Stored records

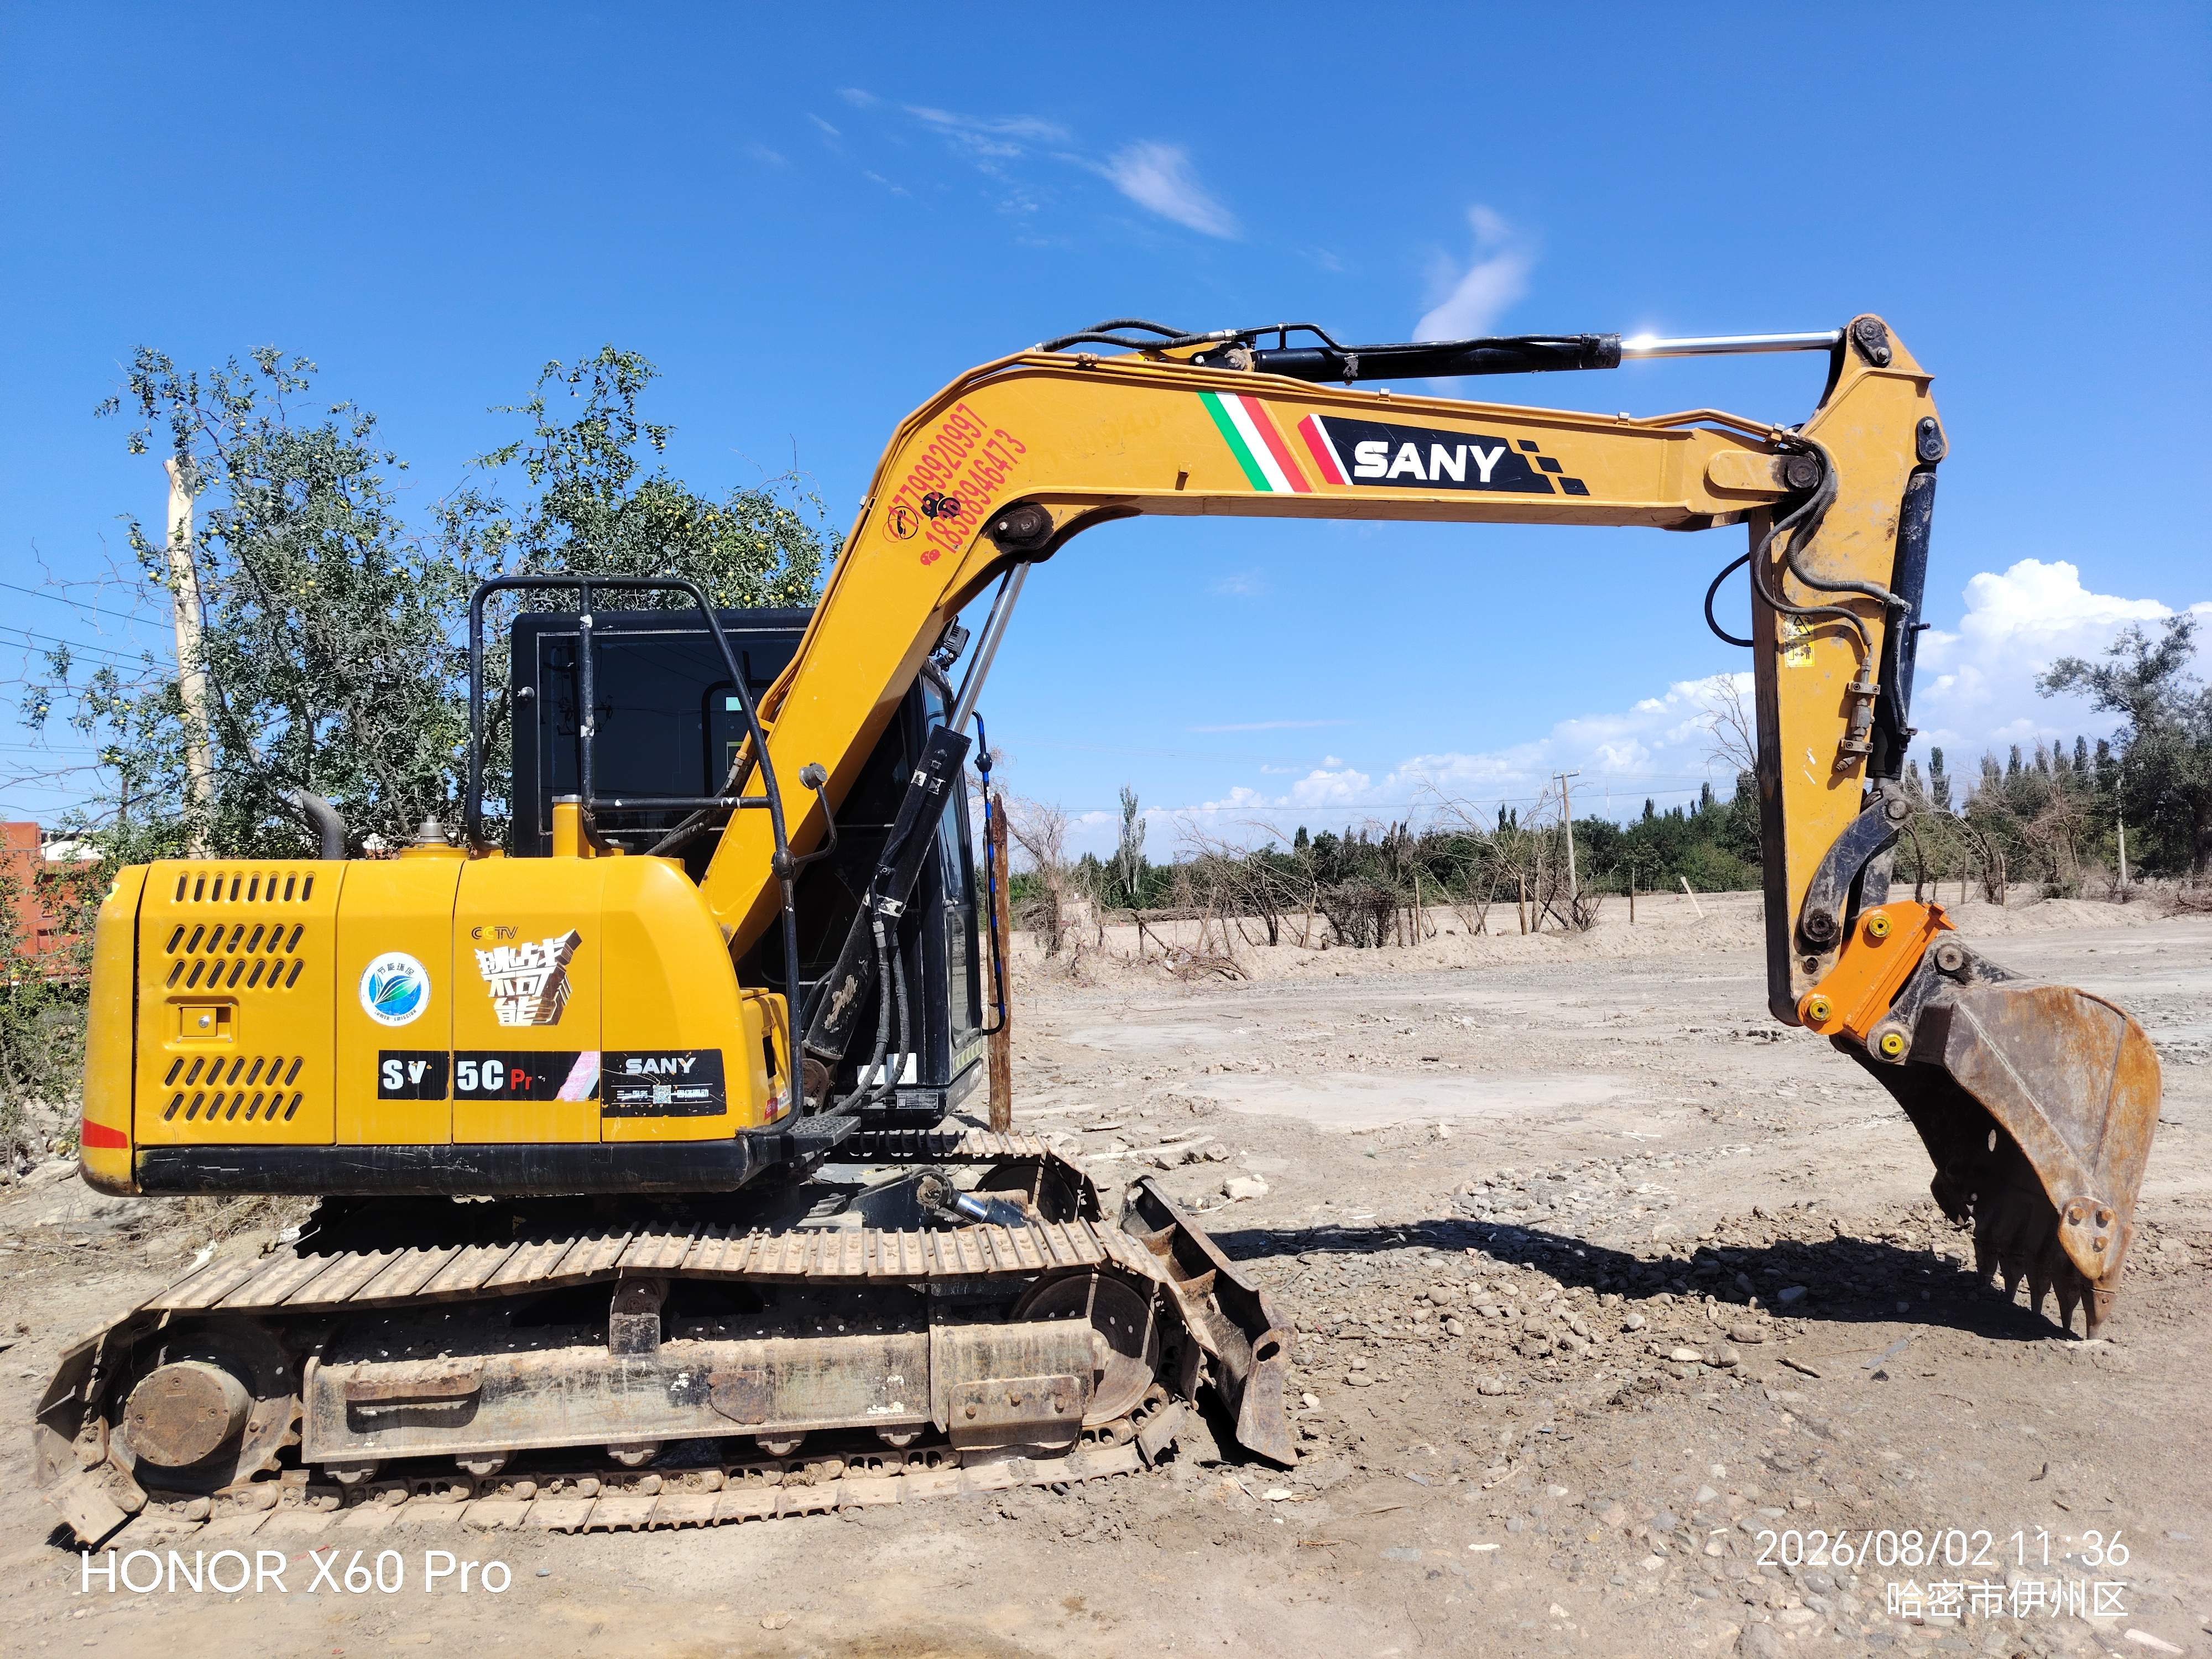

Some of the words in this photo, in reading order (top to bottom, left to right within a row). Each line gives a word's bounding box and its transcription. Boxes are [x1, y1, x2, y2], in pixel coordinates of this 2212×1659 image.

[888, 402, 988, 528] 17799920997
[1354, 441, 1505, 482] SANY
[925, 429, 1026, 554] 18388946473
[471, 926, 519, 940] CCTV
[377, 962, 415, 977] 节能环保
[625, 1057, 696, 1074] SANY

*Brief*
Without the pictures, return the entries exactly as they appear.

*Your response*
Some of the words in this photo, in reading order (top to bottom, left to right within a row). Each line gives a word's bounding box and its transcription. Boxes are [x1, y1, x2, y2], in pixel coordinates of this 2212×1659 image.

[888, 402, 988, 528] 17799920997
[1354, 441, 1505, 482] SANY
[925, 429, 1026, 554] 18388946473
[471, 926, 519, 940] CCTV
[377, 962, 415, 977] 节能环保
[625, 1057, 696, 1074] SANY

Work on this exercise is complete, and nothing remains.